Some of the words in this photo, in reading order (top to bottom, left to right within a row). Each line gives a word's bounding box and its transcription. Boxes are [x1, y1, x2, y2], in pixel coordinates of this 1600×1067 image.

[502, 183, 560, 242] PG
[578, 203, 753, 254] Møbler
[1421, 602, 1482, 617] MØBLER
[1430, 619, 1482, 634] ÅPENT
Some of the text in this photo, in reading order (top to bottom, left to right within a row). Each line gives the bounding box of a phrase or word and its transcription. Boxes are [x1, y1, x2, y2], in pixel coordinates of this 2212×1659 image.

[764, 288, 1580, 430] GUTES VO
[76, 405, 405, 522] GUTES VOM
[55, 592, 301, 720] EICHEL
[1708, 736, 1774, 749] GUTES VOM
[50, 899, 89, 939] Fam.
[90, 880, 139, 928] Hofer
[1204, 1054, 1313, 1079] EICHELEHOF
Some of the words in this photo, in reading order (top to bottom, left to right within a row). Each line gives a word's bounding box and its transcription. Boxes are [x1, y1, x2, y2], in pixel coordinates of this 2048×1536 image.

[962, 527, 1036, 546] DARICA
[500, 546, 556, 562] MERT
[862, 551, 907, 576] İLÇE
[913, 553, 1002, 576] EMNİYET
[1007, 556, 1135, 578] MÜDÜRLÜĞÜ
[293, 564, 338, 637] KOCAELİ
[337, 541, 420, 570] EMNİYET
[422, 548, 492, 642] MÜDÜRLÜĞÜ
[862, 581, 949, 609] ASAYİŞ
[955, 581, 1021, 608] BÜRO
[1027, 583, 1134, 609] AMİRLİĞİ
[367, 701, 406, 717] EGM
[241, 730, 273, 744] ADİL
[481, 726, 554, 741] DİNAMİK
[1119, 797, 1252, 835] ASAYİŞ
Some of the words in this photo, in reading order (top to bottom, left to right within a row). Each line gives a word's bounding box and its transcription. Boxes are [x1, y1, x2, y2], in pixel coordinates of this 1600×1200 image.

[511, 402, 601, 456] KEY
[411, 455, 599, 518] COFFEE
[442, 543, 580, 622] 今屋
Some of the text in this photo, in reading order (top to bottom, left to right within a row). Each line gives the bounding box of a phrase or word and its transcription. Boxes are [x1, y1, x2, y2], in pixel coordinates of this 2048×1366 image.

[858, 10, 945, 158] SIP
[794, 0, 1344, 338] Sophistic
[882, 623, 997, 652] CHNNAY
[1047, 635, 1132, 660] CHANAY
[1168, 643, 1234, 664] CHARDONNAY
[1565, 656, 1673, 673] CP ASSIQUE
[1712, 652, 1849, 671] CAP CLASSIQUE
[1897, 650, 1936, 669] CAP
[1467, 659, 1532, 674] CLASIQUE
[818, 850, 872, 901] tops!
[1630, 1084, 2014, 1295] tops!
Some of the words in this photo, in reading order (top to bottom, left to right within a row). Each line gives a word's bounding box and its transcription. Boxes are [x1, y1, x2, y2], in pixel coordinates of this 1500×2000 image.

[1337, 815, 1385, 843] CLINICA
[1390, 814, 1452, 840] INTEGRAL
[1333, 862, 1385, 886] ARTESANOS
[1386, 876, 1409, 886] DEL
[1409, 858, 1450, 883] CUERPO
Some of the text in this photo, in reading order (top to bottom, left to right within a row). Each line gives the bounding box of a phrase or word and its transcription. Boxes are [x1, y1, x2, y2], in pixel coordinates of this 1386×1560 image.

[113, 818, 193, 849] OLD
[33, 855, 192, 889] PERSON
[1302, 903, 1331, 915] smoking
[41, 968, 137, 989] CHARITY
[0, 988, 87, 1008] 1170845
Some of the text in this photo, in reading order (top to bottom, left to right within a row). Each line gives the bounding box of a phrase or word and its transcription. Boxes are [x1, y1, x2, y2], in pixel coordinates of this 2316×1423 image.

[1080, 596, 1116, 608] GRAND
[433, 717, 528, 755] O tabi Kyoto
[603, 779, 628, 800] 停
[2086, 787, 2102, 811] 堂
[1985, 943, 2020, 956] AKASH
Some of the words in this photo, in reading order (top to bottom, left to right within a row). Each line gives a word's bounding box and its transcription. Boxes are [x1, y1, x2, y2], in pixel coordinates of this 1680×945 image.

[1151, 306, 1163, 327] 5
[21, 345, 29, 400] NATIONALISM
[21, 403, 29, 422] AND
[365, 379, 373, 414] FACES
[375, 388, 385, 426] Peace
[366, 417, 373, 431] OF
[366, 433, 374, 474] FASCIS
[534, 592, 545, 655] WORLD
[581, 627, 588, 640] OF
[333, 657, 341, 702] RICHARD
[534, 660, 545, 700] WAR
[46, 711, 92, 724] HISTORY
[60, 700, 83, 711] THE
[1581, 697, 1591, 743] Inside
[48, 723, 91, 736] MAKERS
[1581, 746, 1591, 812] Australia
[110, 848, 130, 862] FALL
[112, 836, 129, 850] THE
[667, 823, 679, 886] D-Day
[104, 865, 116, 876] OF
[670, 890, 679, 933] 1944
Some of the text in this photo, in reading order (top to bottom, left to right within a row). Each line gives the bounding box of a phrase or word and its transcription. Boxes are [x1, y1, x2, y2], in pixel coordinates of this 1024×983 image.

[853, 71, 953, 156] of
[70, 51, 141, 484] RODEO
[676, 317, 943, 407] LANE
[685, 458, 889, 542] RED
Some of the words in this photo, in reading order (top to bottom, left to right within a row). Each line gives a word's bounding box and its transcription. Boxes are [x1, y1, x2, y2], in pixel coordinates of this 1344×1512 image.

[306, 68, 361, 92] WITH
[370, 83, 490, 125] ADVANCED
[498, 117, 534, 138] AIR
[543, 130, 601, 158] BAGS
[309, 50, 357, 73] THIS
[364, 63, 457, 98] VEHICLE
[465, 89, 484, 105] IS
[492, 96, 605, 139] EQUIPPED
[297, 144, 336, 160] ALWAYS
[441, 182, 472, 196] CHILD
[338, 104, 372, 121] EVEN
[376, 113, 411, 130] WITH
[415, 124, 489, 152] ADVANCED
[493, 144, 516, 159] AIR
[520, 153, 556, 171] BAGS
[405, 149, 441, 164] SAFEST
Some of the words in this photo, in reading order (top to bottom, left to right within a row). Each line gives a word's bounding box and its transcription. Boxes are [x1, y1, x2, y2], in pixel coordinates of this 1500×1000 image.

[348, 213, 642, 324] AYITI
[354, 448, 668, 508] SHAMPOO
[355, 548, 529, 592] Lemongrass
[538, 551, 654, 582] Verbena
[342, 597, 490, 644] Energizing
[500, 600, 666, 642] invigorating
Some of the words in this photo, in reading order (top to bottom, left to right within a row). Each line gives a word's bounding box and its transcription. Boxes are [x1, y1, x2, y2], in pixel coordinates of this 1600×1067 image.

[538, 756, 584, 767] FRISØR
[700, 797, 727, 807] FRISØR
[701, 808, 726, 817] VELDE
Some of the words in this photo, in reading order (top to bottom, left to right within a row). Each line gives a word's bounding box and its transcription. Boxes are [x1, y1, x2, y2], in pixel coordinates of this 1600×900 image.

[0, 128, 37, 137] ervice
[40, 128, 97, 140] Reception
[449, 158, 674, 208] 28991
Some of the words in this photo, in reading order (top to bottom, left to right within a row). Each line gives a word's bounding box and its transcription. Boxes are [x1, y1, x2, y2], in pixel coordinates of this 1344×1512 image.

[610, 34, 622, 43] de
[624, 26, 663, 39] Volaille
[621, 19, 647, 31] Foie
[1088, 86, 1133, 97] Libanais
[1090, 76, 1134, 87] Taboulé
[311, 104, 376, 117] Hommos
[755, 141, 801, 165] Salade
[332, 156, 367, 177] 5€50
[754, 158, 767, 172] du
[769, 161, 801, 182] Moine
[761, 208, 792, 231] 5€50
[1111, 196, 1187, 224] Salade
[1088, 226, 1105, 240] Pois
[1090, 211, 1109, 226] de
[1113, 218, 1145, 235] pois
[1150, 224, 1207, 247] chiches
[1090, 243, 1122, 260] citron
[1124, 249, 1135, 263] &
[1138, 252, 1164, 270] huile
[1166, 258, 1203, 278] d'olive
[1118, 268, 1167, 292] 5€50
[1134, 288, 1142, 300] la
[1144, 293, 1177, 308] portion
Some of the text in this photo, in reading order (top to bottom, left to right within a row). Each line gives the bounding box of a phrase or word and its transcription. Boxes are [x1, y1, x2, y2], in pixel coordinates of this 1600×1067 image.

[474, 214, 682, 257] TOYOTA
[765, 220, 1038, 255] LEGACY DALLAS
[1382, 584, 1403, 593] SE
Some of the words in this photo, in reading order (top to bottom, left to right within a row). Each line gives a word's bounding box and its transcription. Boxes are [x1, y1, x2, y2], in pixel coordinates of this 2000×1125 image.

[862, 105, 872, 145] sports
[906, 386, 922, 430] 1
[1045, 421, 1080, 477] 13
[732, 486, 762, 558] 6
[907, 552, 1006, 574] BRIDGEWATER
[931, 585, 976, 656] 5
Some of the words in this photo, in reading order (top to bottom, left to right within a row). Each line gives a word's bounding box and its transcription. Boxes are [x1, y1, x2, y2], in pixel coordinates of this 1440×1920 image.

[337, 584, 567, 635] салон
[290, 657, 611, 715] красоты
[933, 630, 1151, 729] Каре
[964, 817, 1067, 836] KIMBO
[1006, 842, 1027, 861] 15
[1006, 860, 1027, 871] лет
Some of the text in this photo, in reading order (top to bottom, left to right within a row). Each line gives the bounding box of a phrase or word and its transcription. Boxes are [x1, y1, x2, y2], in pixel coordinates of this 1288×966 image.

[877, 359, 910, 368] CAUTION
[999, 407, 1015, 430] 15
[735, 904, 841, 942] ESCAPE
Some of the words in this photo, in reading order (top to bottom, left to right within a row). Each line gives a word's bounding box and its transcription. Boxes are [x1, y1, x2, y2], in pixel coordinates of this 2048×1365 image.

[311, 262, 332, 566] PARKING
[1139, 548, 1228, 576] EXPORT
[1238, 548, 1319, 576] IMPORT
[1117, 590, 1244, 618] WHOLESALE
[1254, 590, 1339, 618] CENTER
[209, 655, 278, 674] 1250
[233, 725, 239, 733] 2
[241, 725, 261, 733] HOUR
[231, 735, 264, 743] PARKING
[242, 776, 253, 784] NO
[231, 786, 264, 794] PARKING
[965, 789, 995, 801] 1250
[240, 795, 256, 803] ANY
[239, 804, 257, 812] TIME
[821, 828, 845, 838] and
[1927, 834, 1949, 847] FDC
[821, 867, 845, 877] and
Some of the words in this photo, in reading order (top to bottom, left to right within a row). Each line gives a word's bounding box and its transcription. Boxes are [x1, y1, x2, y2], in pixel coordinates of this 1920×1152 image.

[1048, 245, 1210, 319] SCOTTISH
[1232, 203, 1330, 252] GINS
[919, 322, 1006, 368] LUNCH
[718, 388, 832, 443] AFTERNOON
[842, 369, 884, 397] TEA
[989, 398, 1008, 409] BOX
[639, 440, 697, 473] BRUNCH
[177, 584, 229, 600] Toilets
================
Your task is to write out, exactly, the line that contains "this 2048×1365 image." and each line after it to the end of the data, with no other lines.

Some of the words in this photo, in reading order (top to bottom, left to right within a row). Each line gives a word's bounding box and its transcription. Boxes are [x1, y1, x2, y2], in pixel coordinates of this 2048×1365 image.

[311, 262, 332, 566] PARKING
[1139, 548, 1228, 576] EXPORT
[1238, 548, 1319, 576] IMPORT
[1117, 590, 1244, 618] WHOLESALE
[1254, 590, 1339, 618] CENTER
[209, 655, 278, 674] 1250
[233, 725, 239, 733] 2
[241, 725, 261, 733] HOUR
[231, 735, 264, 743] PARKING
[242, 776, 253, 784] NO
[231, 786, 264, 794] PARKING
[965, 789, 995, 801] 1250
[240, 795, 256, 803] ANY
[239, 804, 257, 812] TIME
[821, 828, 845, 838] and
[1927, 834, 1949, 847] FDC
[821, 867, 845, 877] and
Some of the words in this photo, in reading order (top to bottom, left to right within a row). Each line gives a word's bounding box and its transcription. Boxes are [x1, y1, x2, y2], in pixel coordinates of this 1920×1152 image.

[1048, 245, 1210, 319] SCOTTISH
[1232, 203, 1330, 252] GINS
[919, 322, 1006, 368] LUNCH
[718, 388, 832, 443] AFTERNOON
[842, 369, 884, 397] TEA
[989, 398, 1008, 409] BOX
[639, 440, 697, 473] BRUNCH
[177, 584, 229, 600] Toilets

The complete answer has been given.